With the events industry at a near standstill, Jess Doren realized this may have been the moment she’d been waiting for. Having produced large-scale events for big brands like Apple and Buzzfeed, she’d had little time in the past to develop events of her own, but this past summer, she and a team of fellow event pros set out to gather a community craving connection.
“The goal was to connect people again in real life on topics that really matter and provide a platform to celebrate our community in a time where we have so few ways to gather,” says Doren. “We thought, let’s show everyone we can still do live events, and do them safely.”

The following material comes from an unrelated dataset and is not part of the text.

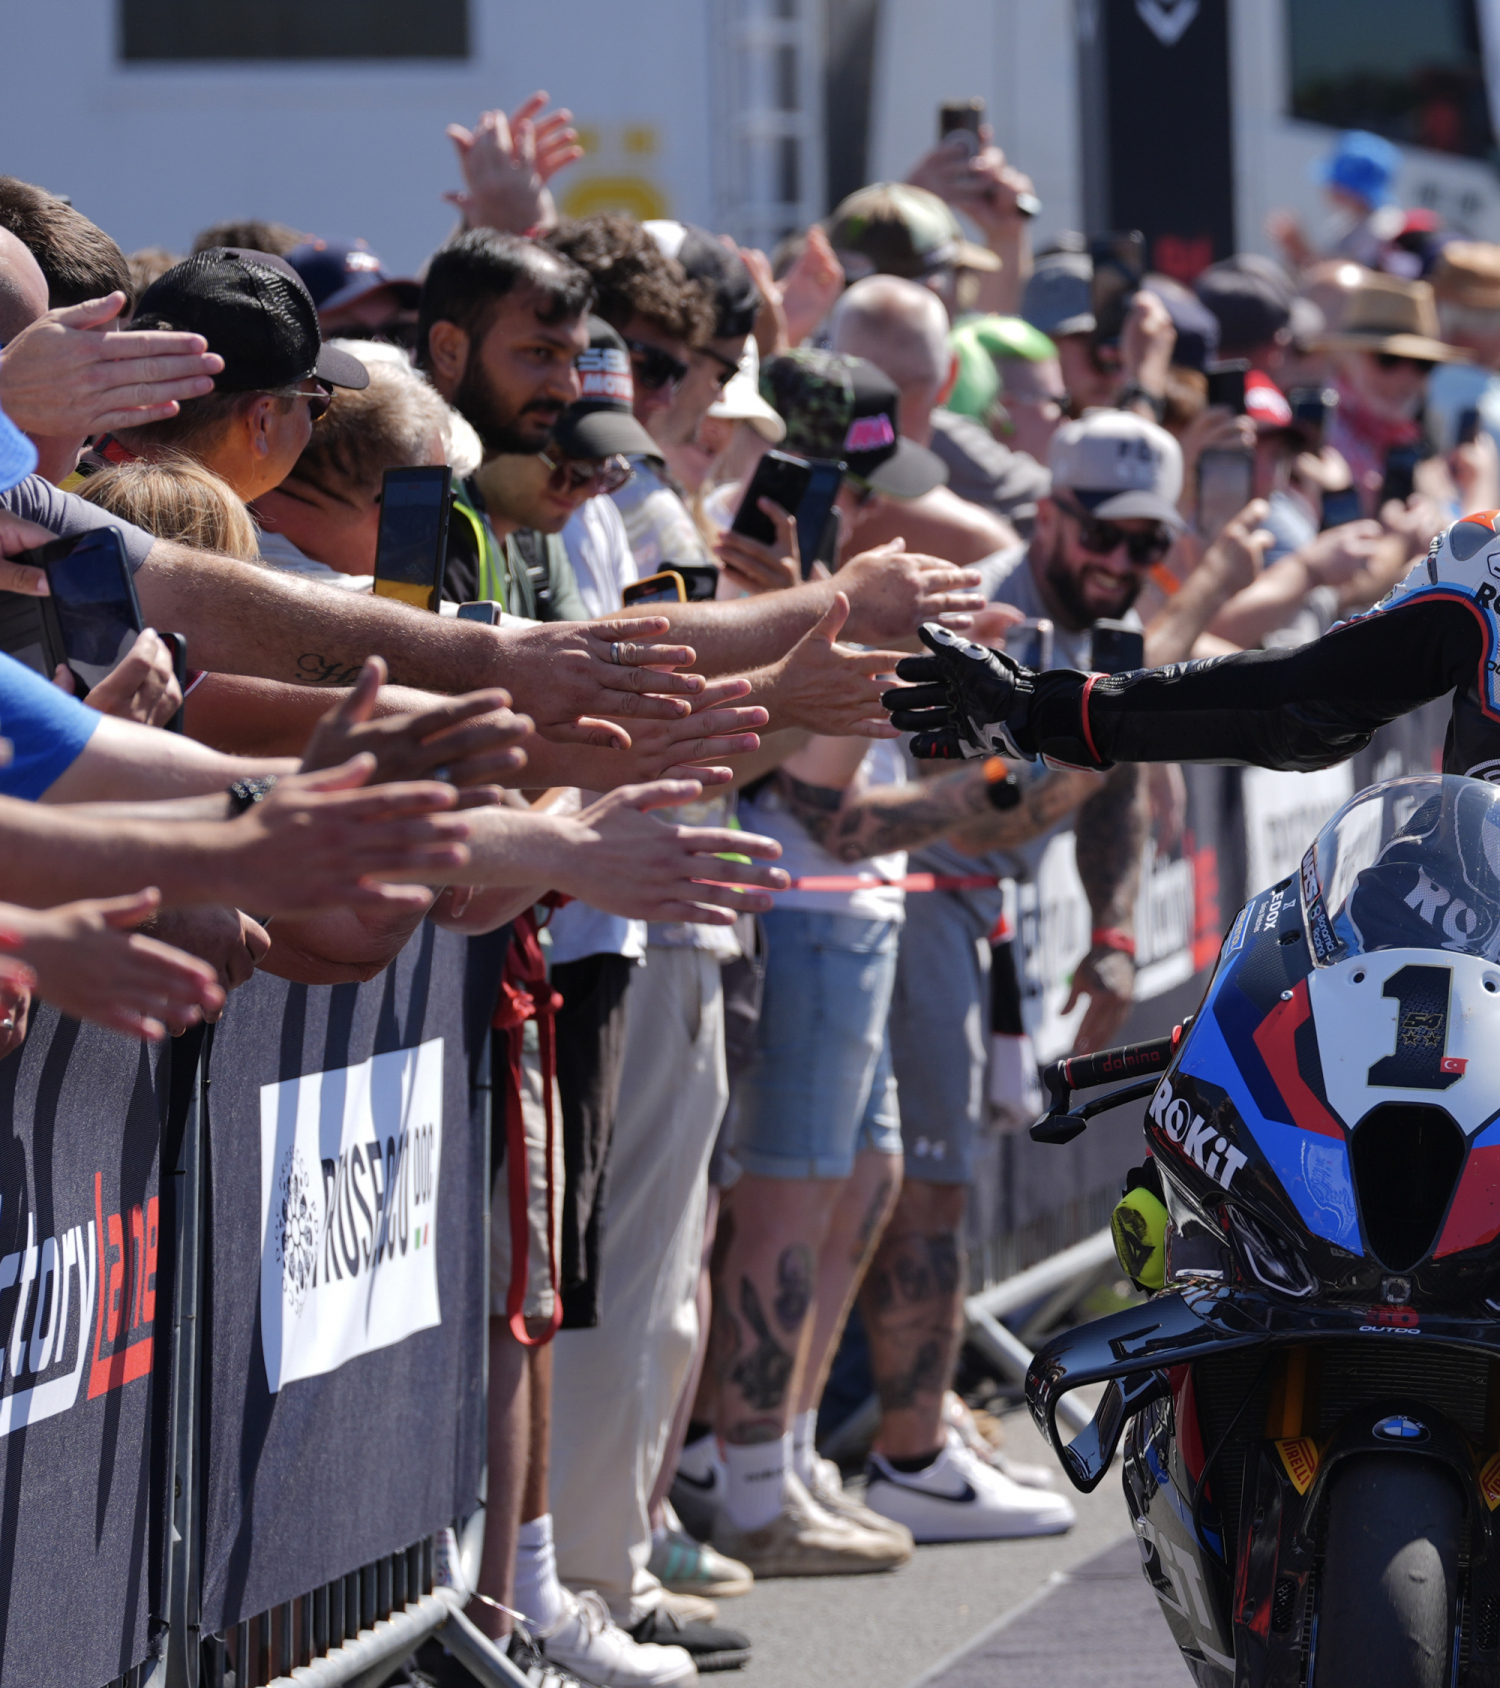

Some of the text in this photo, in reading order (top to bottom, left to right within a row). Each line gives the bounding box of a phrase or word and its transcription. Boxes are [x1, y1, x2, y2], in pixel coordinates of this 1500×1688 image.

The series included four outdoor, socially distant events centered on social change, with topics ranging from queer representation in the media to the revolution of the gig economy. Each event included a mix of live music and packed panels featuring speakers like Kate Tellers of The Moth and Todd Triplett, TikTok’s creative lead. “The structure for each was similar, but once they got underway, the unique chemistry between the groups on stage and the attendees took on a life of their own,” Doren says.
Attendees received personal bottles of hand sanitizer to eliminate gatherings at central sanitizing stations, and the use of a mobile ticketing system and QR codes enabled guests to order local food truck bites and canned libations from each table while minimizing touch points and controlling traffic flow.

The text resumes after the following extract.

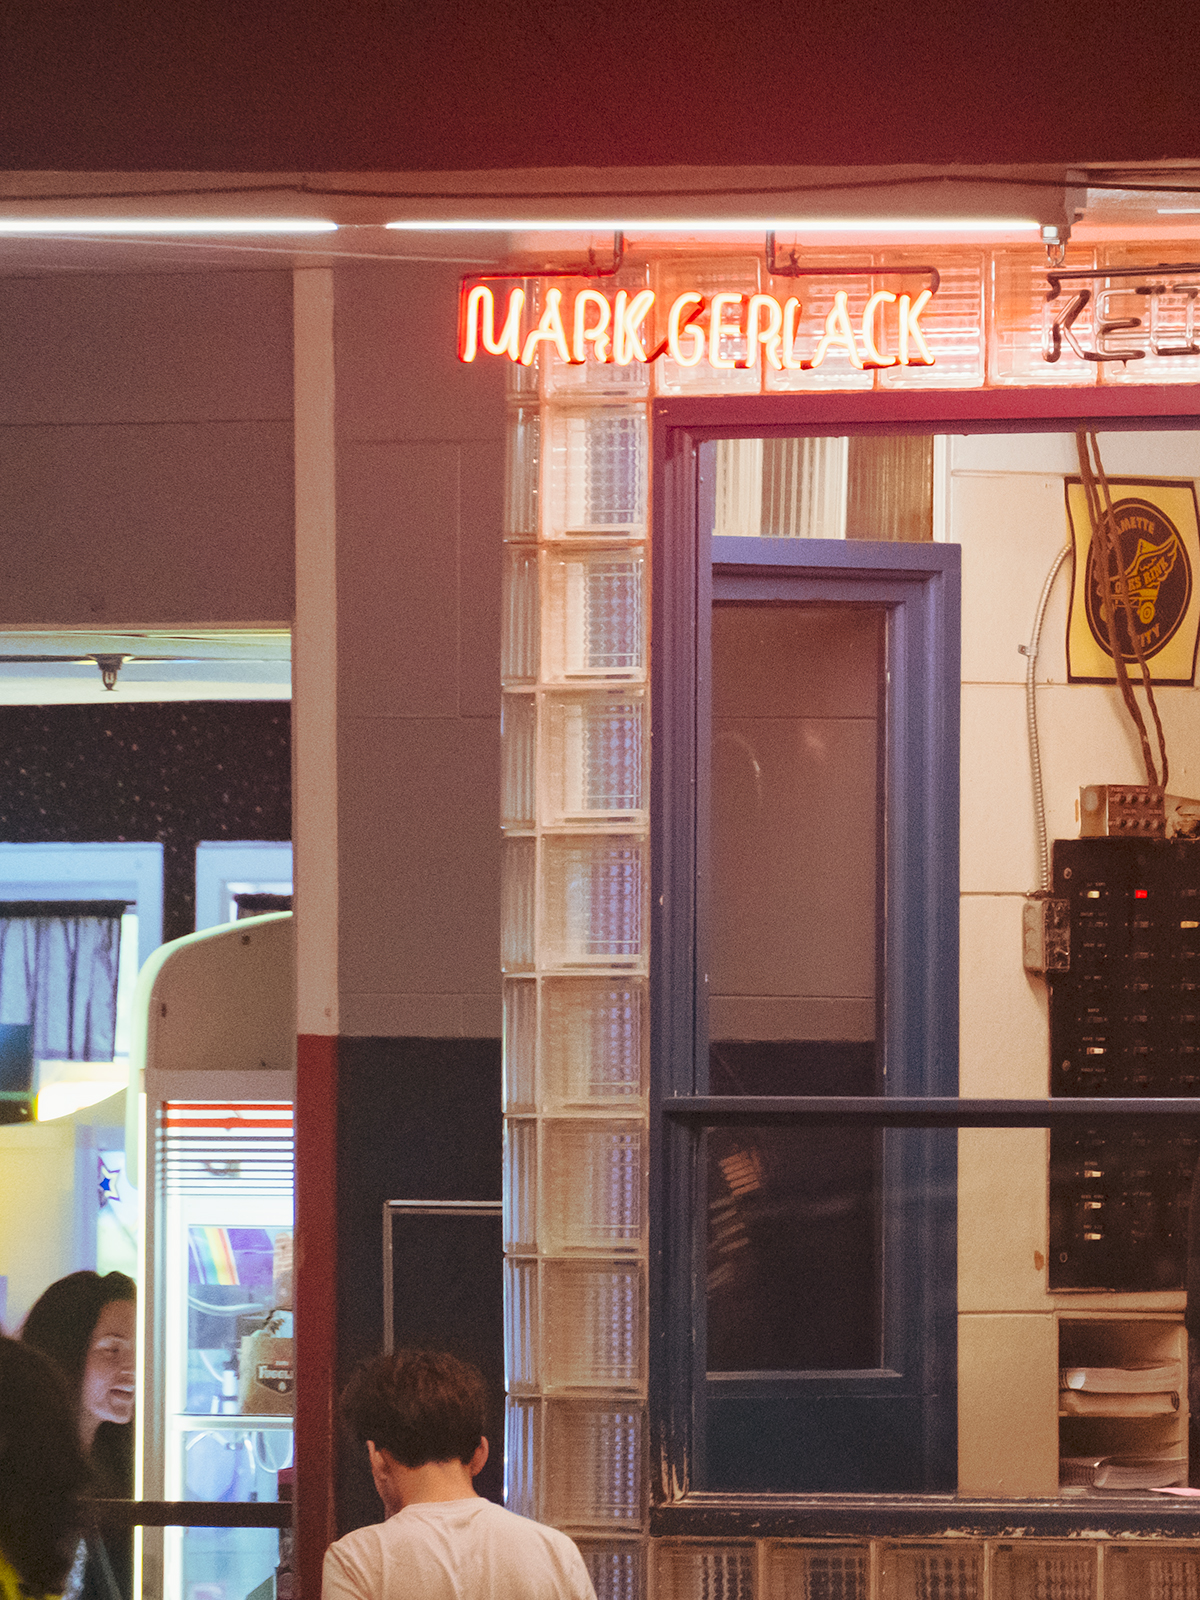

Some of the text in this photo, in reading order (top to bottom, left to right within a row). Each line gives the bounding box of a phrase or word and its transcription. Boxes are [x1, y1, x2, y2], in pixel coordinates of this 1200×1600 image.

[463, 285, 936, 370] MARK GERLACK
[1118, 516, 1156, 535] METTE
[1115, 556, 1169, 594] OKS RINK

In addition to mask policies and temperature checks, guests sat at tables in clearly marked, socially distant circles that had been carefully plotted to allow a safe distance between the seated pods and server, staff, and attendee movement throughout the night. “Having these clear designations really put guests at ease and helped them engage with the event itself and each other while still feeling safe in their own bubbles,” says Doren.

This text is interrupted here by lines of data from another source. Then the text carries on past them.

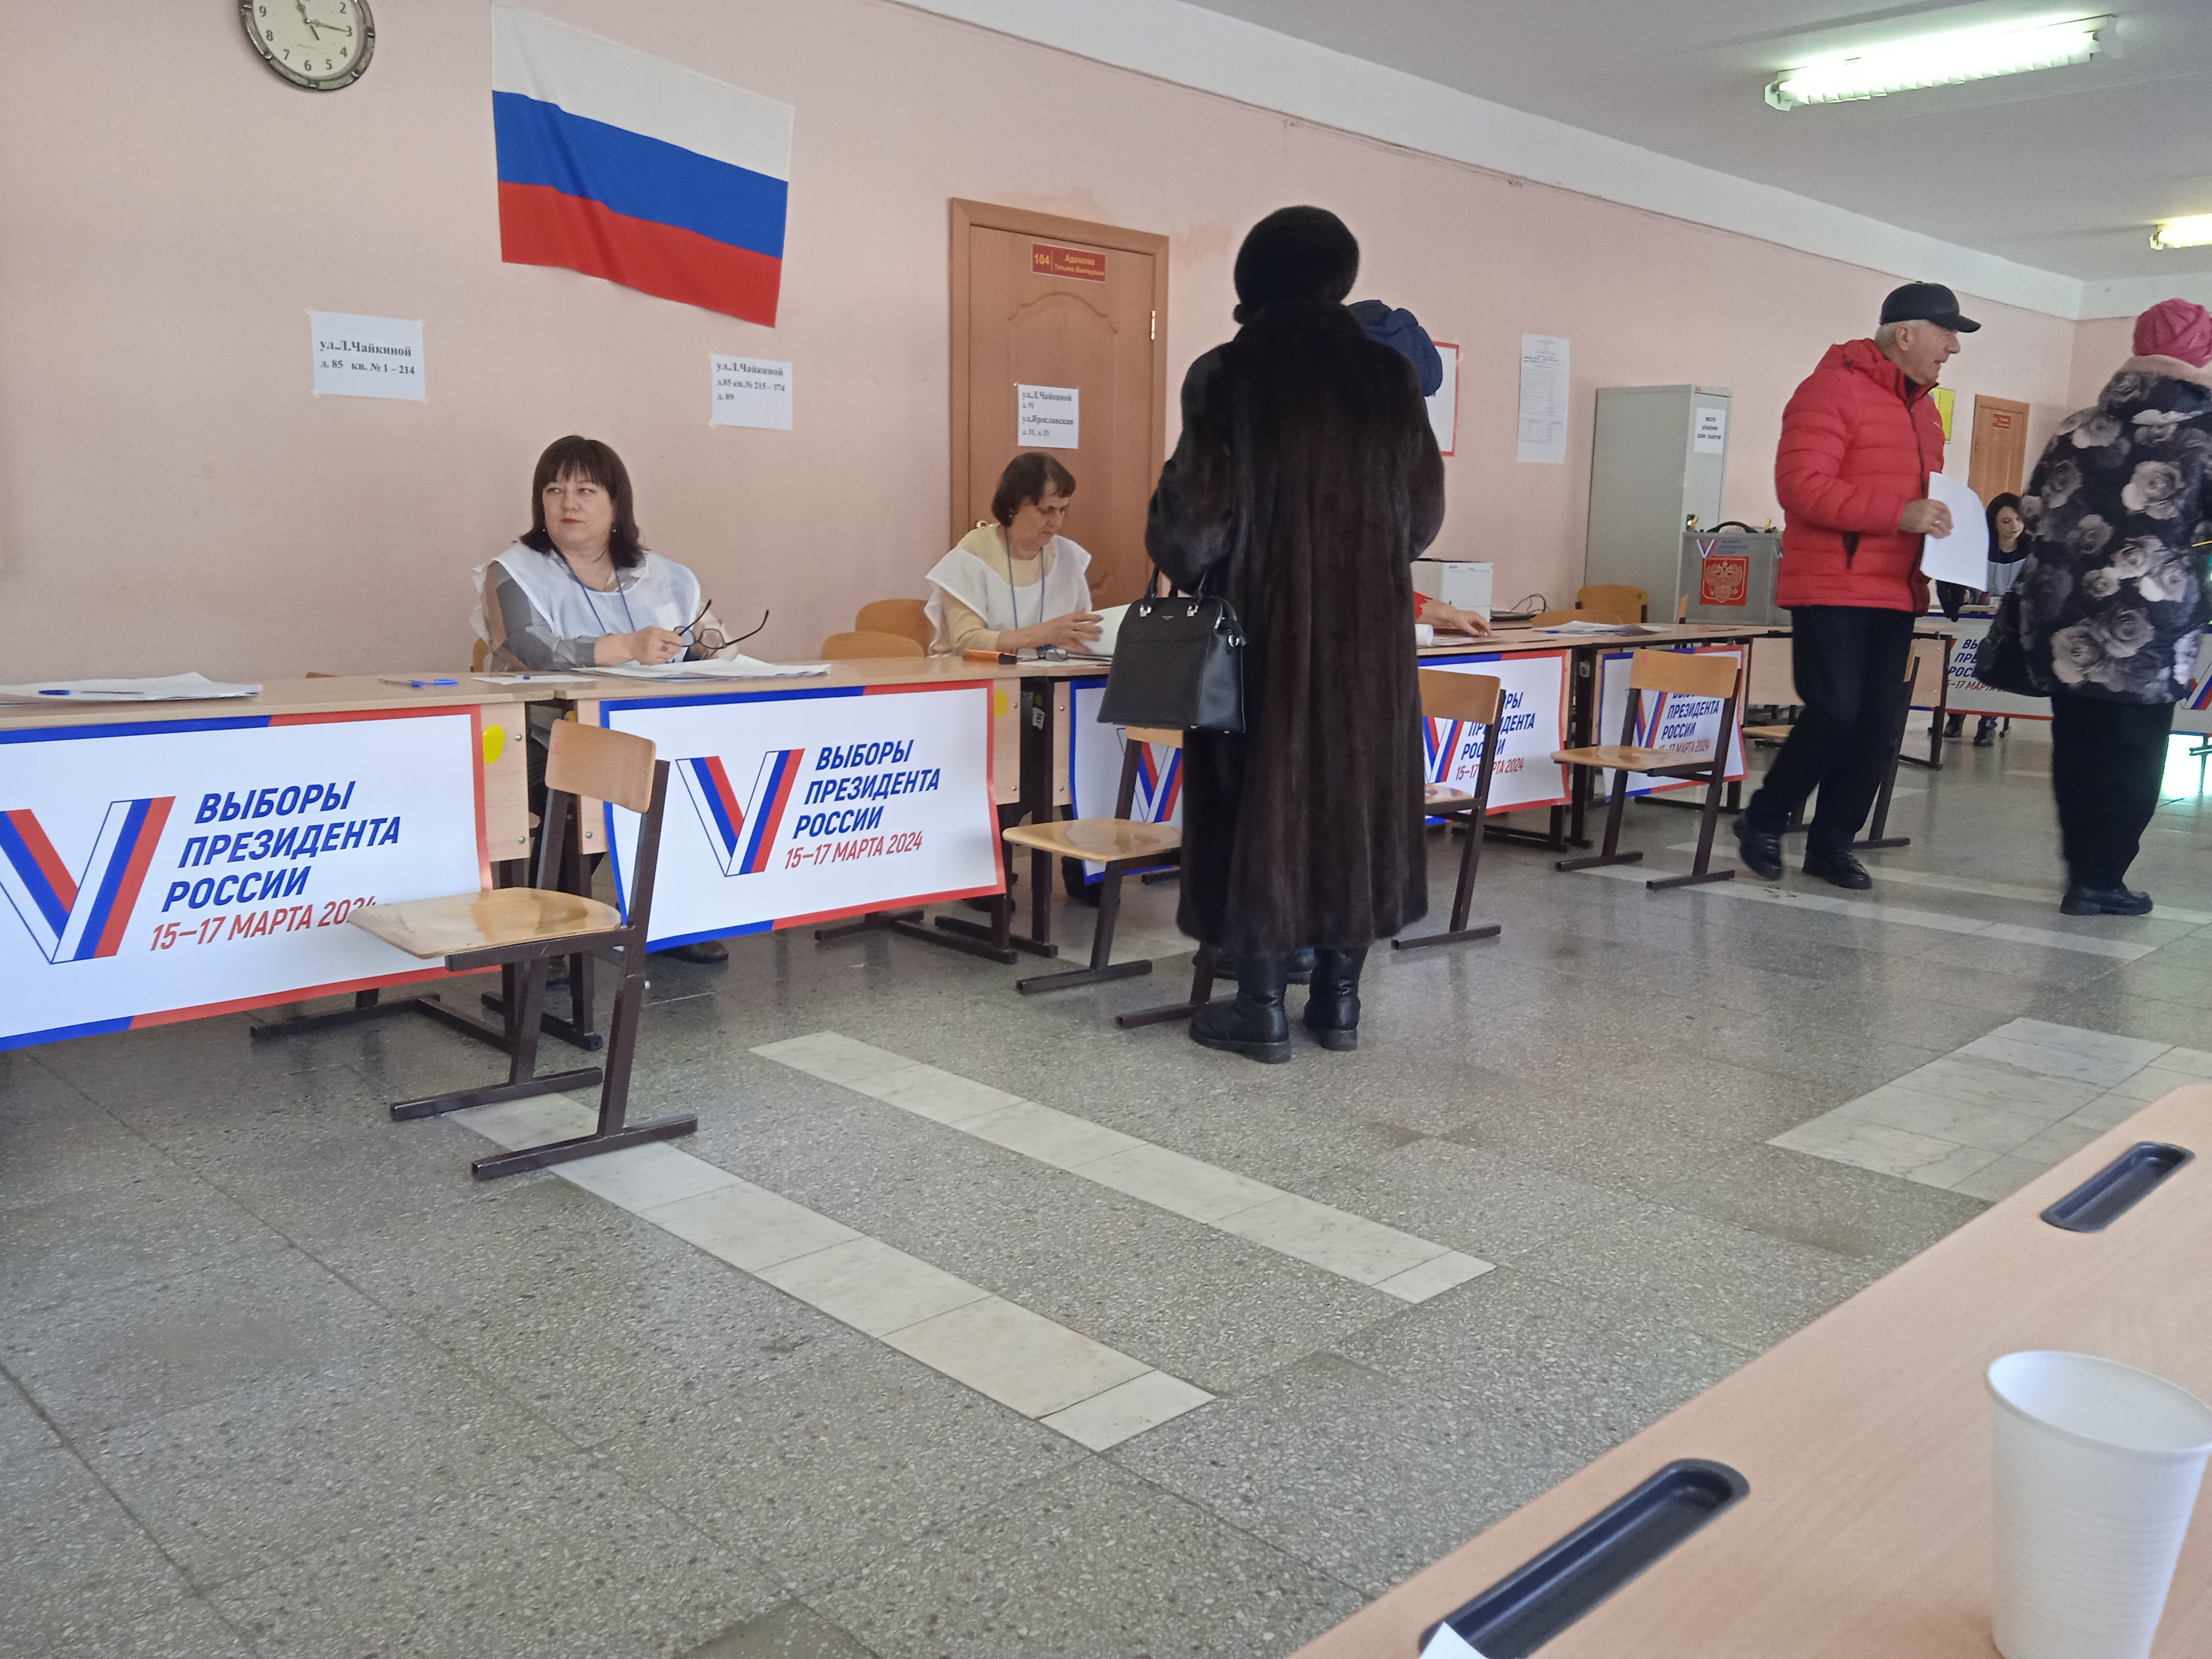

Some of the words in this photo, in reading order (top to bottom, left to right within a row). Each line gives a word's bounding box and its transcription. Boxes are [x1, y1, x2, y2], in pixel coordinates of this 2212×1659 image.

[259, 6, 267, 17] 9
[339, 2, 347, 14] 2
[266, 30, 274, 41] 8
[283, 49, 290, 60] 7
[340, 47, 347, 57] 4
[304, 60, 312, 71] 6
[326, 59, 333, 70] 5
[1034, 254, 1050, 266] 104
[331, 359, 343, 369] 85
[351, 363, 367, 371] кв.
[370, 363, 381, 372] №
[384, 364, 388, 372] 1
[399, 365, 415, 374] 214
[1948, 666, 1976, 678] РОС
[1666, 699, 1721, 720] ПРЕЗИДЕНТА
[1468, 713, 1536, 737] ПРДЕНТА
[1661, 722, 1697, 740] РОССИИ
[815, 739, 915, 771] ВЫБОРЫ
[1461, 738, 1506, 760] РОСИ
[1504, 757, 1524, 773] 2024
[803, 768, 941, 806] ПРЕЗИДЕНТА
[194, 781, 356, 824] ВЫБОРЫ
[792, 806, 885, 840] РОССИИ
[177, 816, 401, 868] ПРЕЗИДЕНТА
[784, 843, 832, 869] 15–17
[831, 835, 884, 863] МАРТА
[885, 831, 923, 855] 2024
[161, 866, 312, 913] РОССИИ
[150, 916, 227, 951] 15–17
[227, 904, 314, 941] МАРТА

The Served Up series was held in an open lot of local nonprofit and gallery Culture Lab LIC, which already had all of the necessary event permits in place, but Doren and her team also consulted closely with city officials, utilized CDC and WHO resources, and learned from the best practices being shared by expert planners to ensure the latest recommended health and safety guidelines were followed as well.
Doren also worked with ParaDocs, a vendor which provides on-site event medics and COVID safety officers, and made sure staff not only had the gloves, masks and any other supplies needed, but felt empowered to enforce the policies put in place to keep themselves and guests safe. “Working together to make sure everyone could enjoy these events safely actually created this beautiful synergy and teamwork on-site,” she says. “It was this amazing feeling to have everyone excited and all in.”
With the events self-funded by Doren, vendor support was paramount to the series’ success. “When you put on a free event, in New York, in a pandemic, you learn the strength of your true vendor list, and we were lucky to have so many partners so excited to be a part of this and ready and willing to make it happen,” says Doren.
And based on the success of the first four events, Doren and her team are eager to plan a future lineup to continue the series (though they’ll likely expand to locations across the country to avoid hosting outdoor events in New York’s winter conditions).
“One of the most important realizations we found in this pandemic is that we all missed each other and needed connection,” says Doren. “These events offered an experience where guests could feel something again, and if we can use this platform to help our community feel heard and inspired, we’ve got to find a way to push forward.”